**Task objective**
As you reproduce every line below, keep it exactly as written and leave out the images.

**Supplied entries**

* * * * *

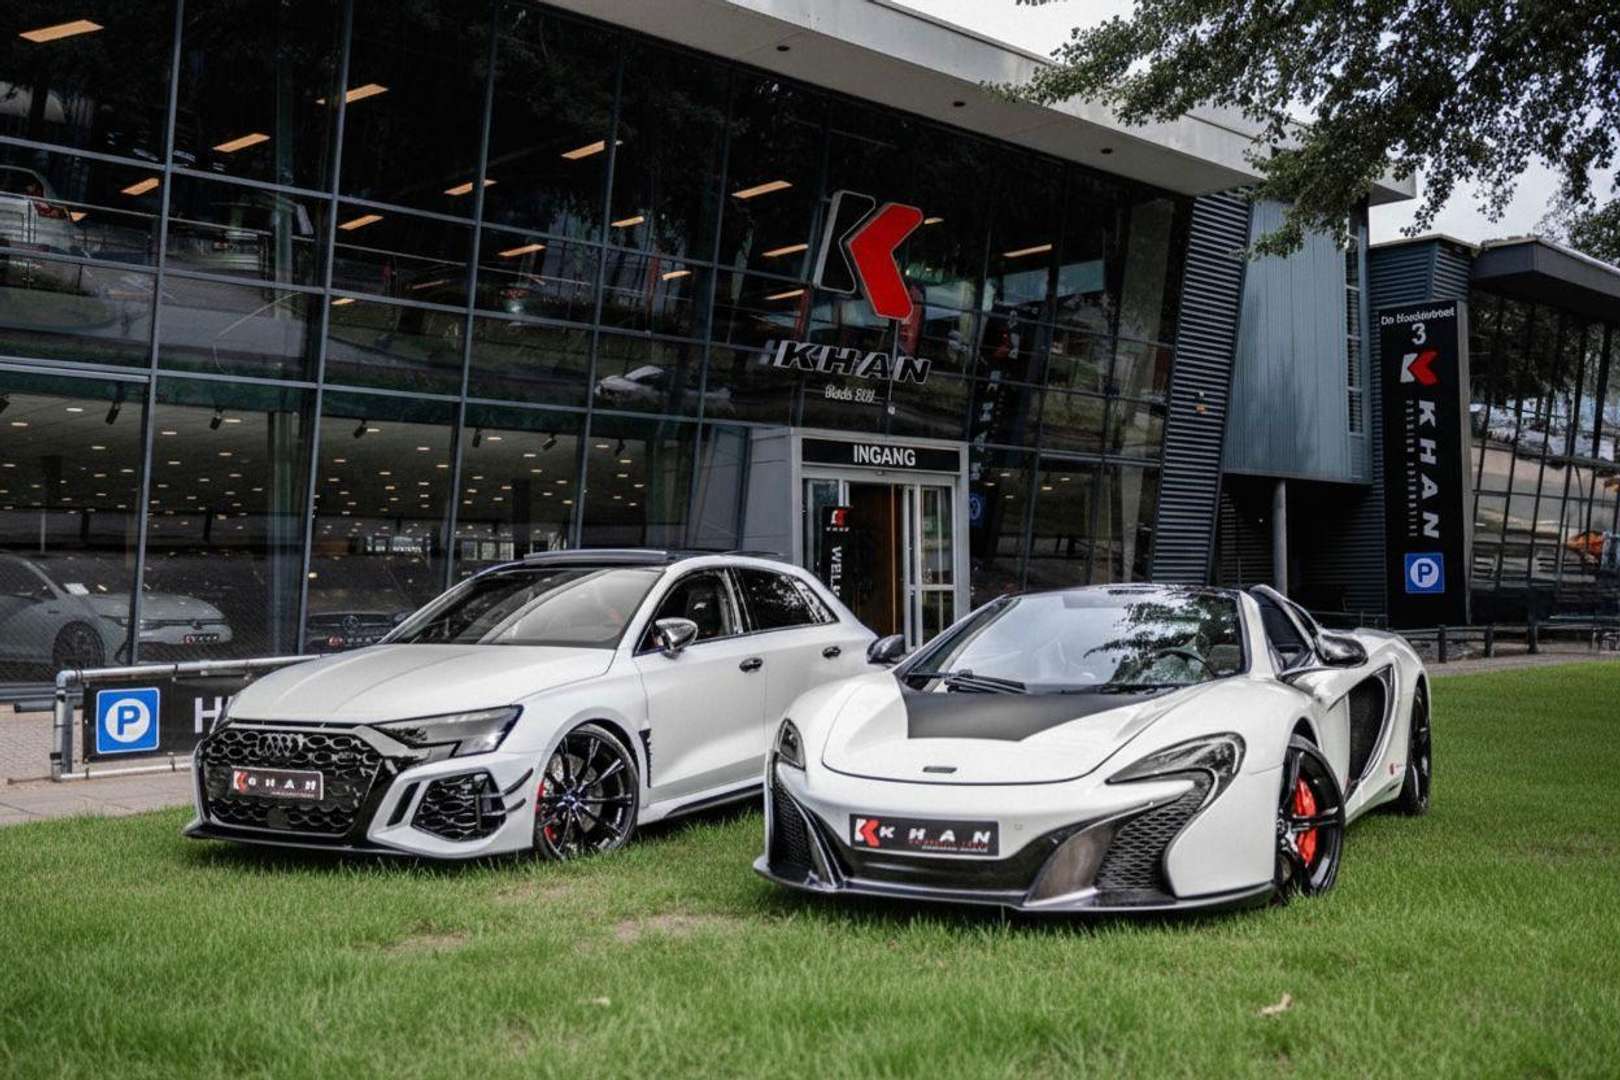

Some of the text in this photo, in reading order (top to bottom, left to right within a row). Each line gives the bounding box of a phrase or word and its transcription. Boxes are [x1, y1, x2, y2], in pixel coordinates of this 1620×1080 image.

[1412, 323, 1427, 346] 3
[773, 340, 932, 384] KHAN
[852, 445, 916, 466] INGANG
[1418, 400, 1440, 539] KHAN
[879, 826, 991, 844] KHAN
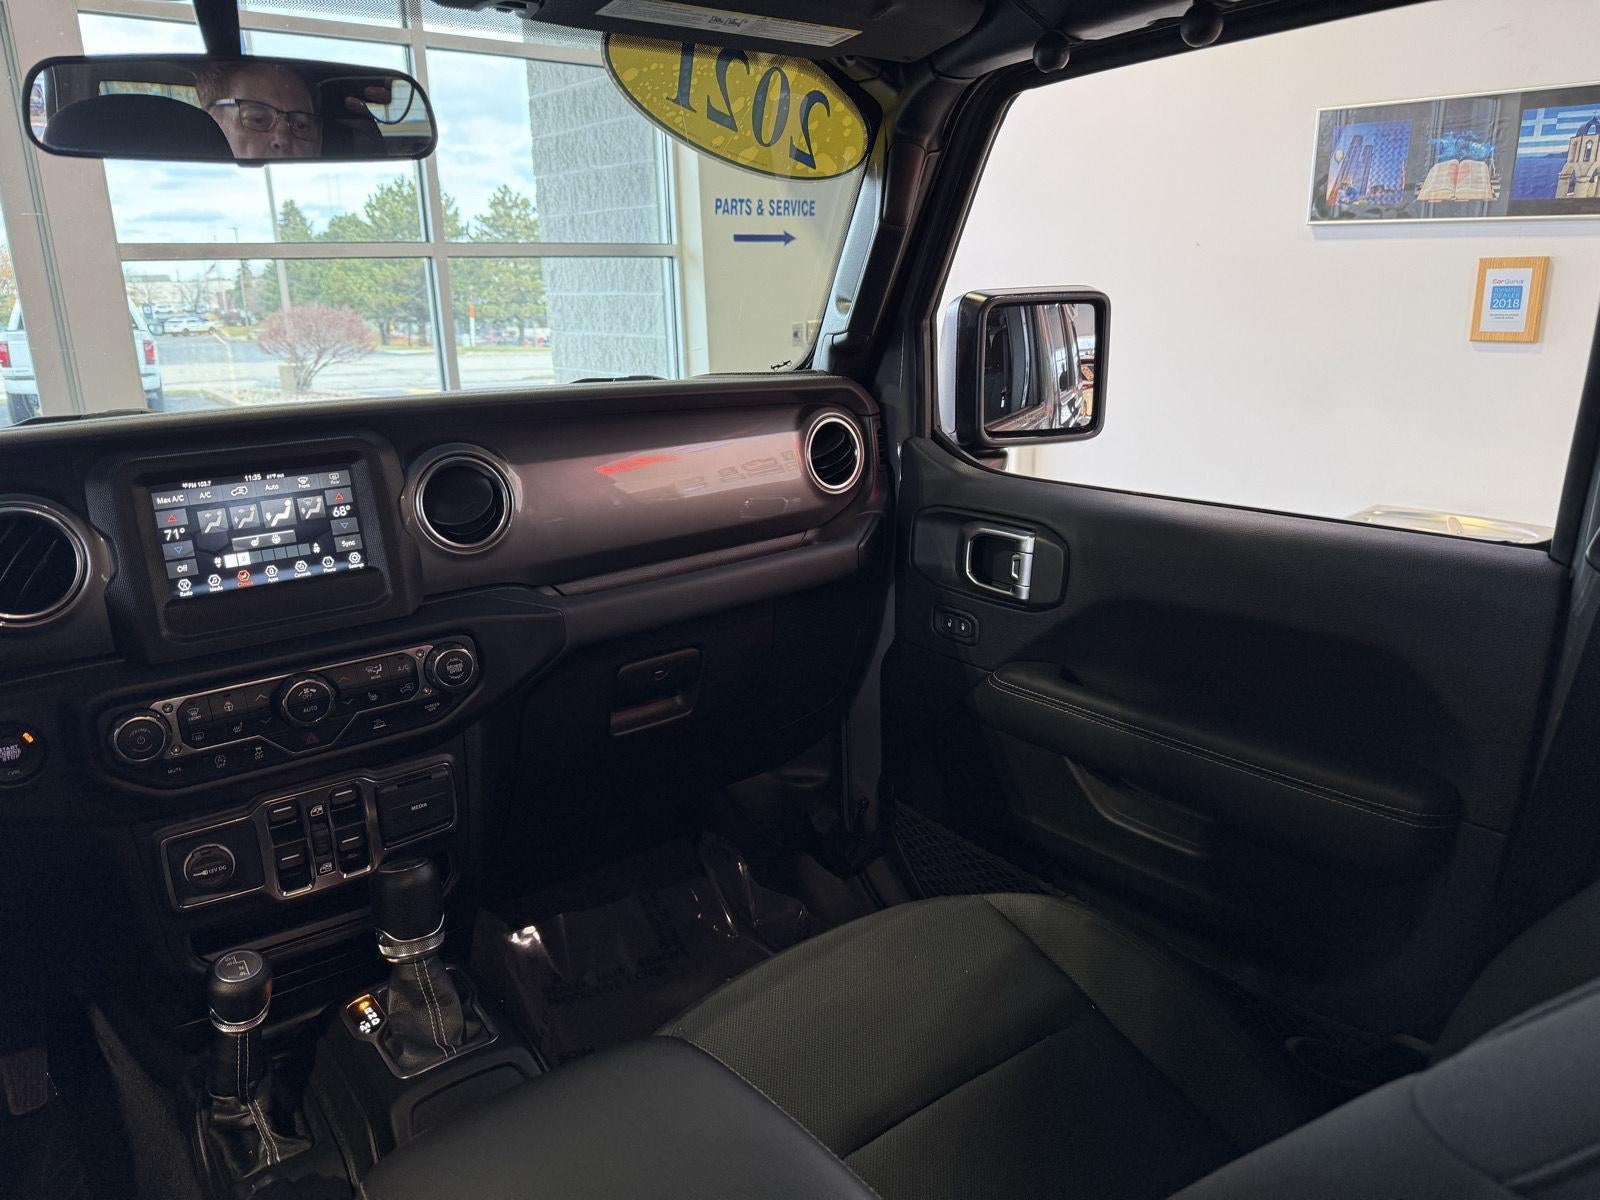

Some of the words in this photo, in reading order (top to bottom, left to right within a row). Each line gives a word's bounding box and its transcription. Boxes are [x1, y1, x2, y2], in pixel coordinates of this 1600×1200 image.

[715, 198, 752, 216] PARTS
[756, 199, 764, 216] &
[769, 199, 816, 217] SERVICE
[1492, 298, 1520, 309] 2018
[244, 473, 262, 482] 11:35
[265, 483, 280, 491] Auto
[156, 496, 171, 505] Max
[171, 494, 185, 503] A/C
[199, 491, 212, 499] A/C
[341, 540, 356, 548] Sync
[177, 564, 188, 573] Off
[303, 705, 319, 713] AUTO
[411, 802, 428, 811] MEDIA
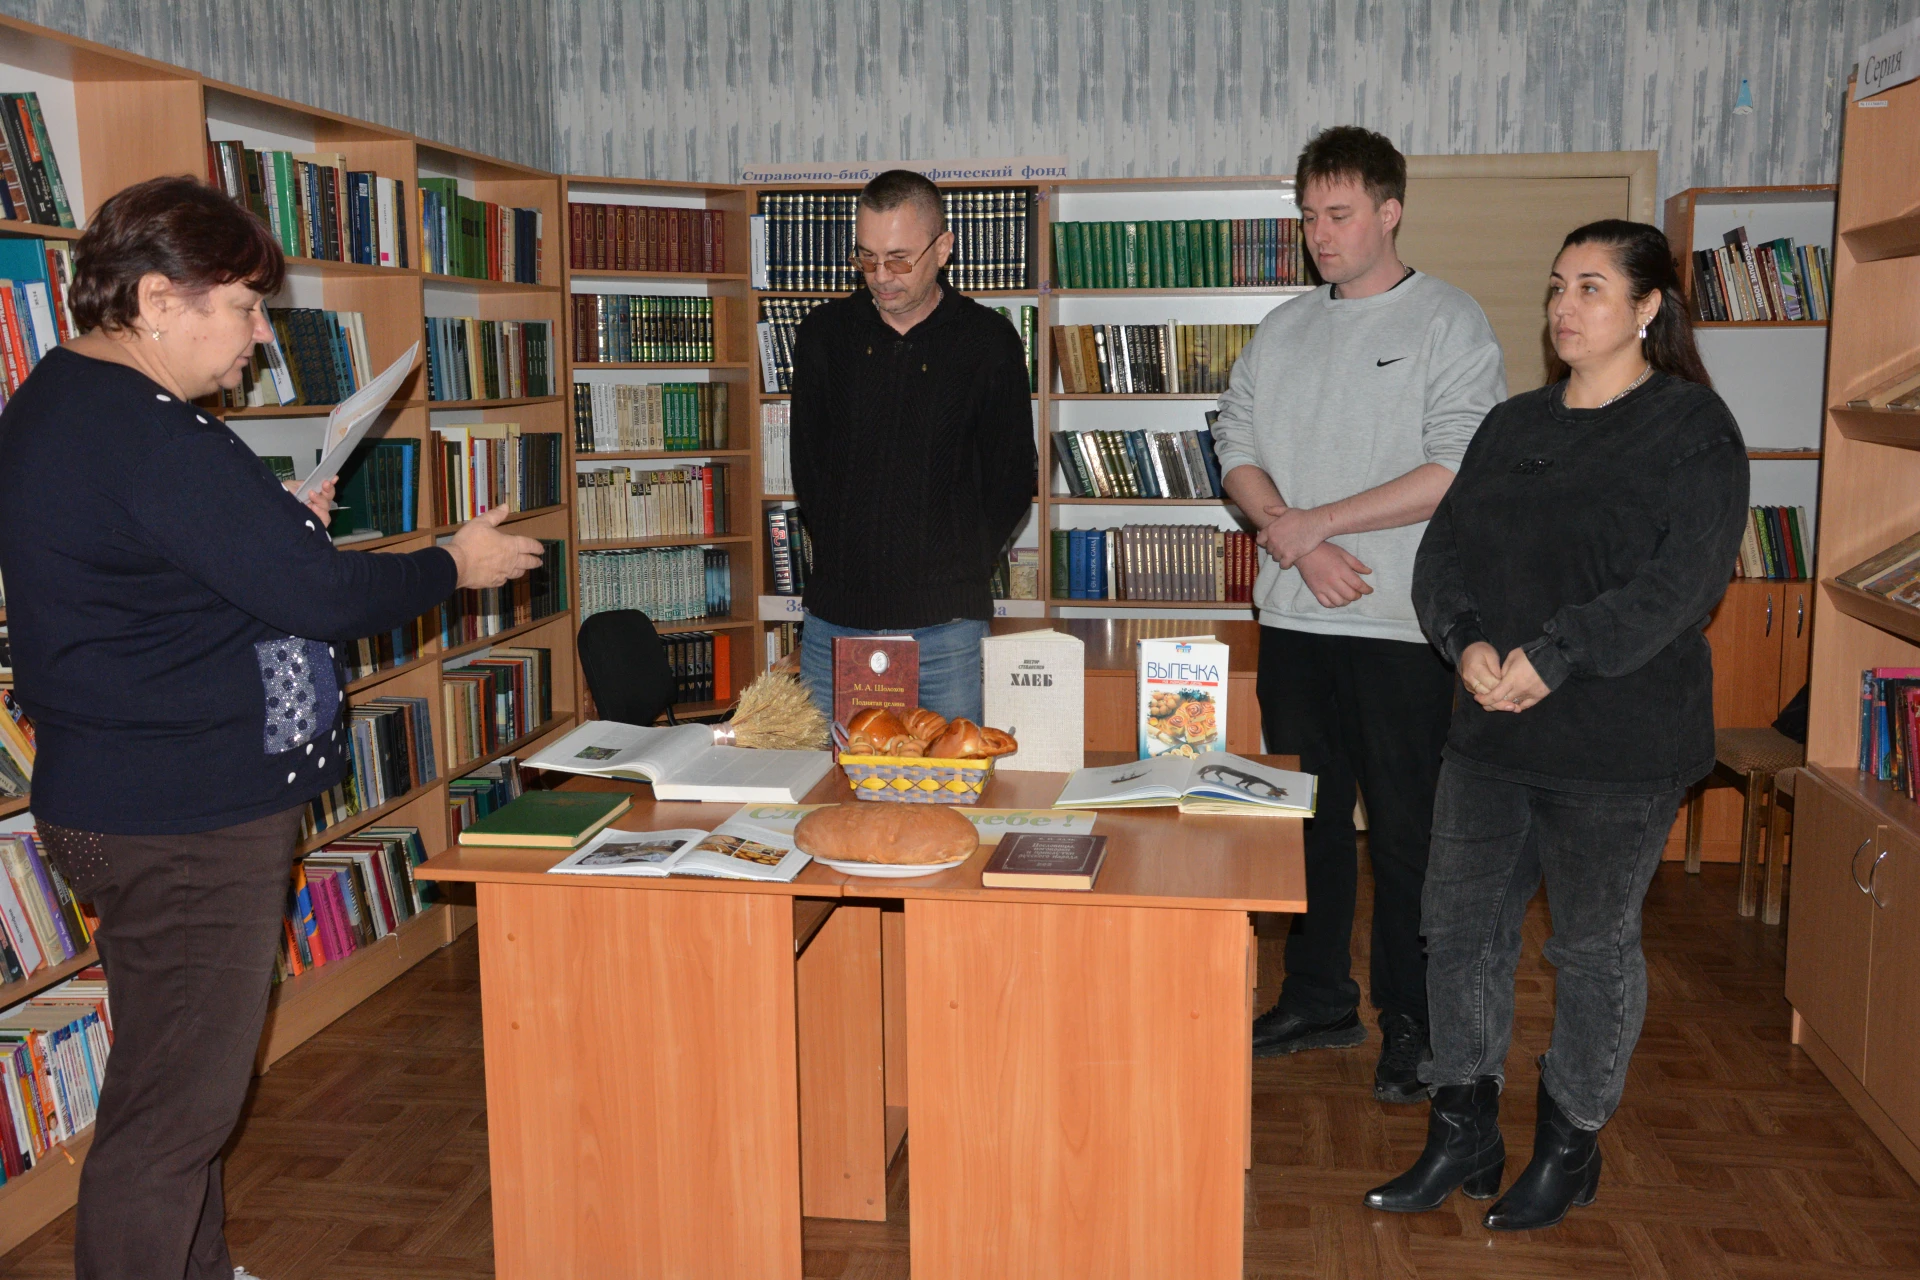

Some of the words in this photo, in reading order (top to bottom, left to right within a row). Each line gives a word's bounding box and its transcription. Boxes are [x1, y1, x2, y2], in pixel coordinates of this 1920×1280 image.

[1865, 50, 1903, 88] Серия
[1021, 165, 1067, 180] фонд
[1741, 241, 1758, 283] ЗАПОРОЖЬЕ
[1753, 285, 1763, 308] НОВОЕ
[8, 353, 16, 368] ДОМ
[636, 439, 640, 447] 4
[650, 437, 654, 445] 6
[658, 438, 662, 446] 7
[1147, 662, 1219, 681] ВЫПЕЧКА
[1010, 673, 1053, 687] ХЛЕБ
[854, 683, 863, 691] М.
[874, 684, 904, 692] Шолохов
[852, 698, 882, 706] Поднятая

* * * * *

**Output of the task**
Some of the text in this photo, in reading order (top to bottom, left to right within a row). Each line gives the bounding box of a phrase or word and its transcription. Boxes are [x1, y1, x2, y2], in pixel coordinates of this 1620×1080 image.

[1412, 323, 1427, 346] 3
[773, 340, 932, 384] KHAN
[852, 445, 916, 466] INGANG
[1418, 400, 1440, 539] KHAN
[879, 826, 991, 844] KHAN

Some of the words in this photo, in reading order (top to bottom, left to right within a row). Each line gives a word's bounding box and its transcription. Boxes are [x1, y1, x2, y2], in pixel coordinates of this 1600×1200 image.

[715, 198, 752, 216] PARTS
[756, 199, 764, 216] &
[769, 199, 816, 217] SERVICE
[1492, 298, 1520, 309] 2018
[244, 473, 262, 482] 11:35
[265, 483, 280, 491] Auto
[156, 496, 171, 505] Max
[171, 494, 185, 503] A/C
[199, 491, 212, 499] A/C
[341, 540, 356, 548] Sync
[177, 564, 188, 573] Off
[303, 705, 319, 713] AUTO
[411, 802, 428, 811] MEDIA

Some of the words in this photo, in reading order (top to bottom, left to right within a row). Each line gives a word's bounding box and its transcription. Boxes are [x1, y1, x2, y2], in pixel coordinates of this 1920×1280 image.

[1865, 50, 1903, 88] Серия
[1021, 165, 1067, 180] фонд
[1741, 241, 1758, 283] ЗАПОРОЖЬЕ
[1753, 285, 1763, 308] НОВОЕ
[8, 353, 16, 368] ДОМ
[636, 439, 640, 447] 4
[650, 437, 654, 445] 6
[658, 438, 662, 446] 7
[1147, 662, 1219, 681] ВЫПЕЧКА
[1010, 673, 1053, 687] ХЛЕБ
[854, 683, 863, 691] М.
[874, 684, 904, 692] Шолохов
[852, 698, 882, 706] Поднятая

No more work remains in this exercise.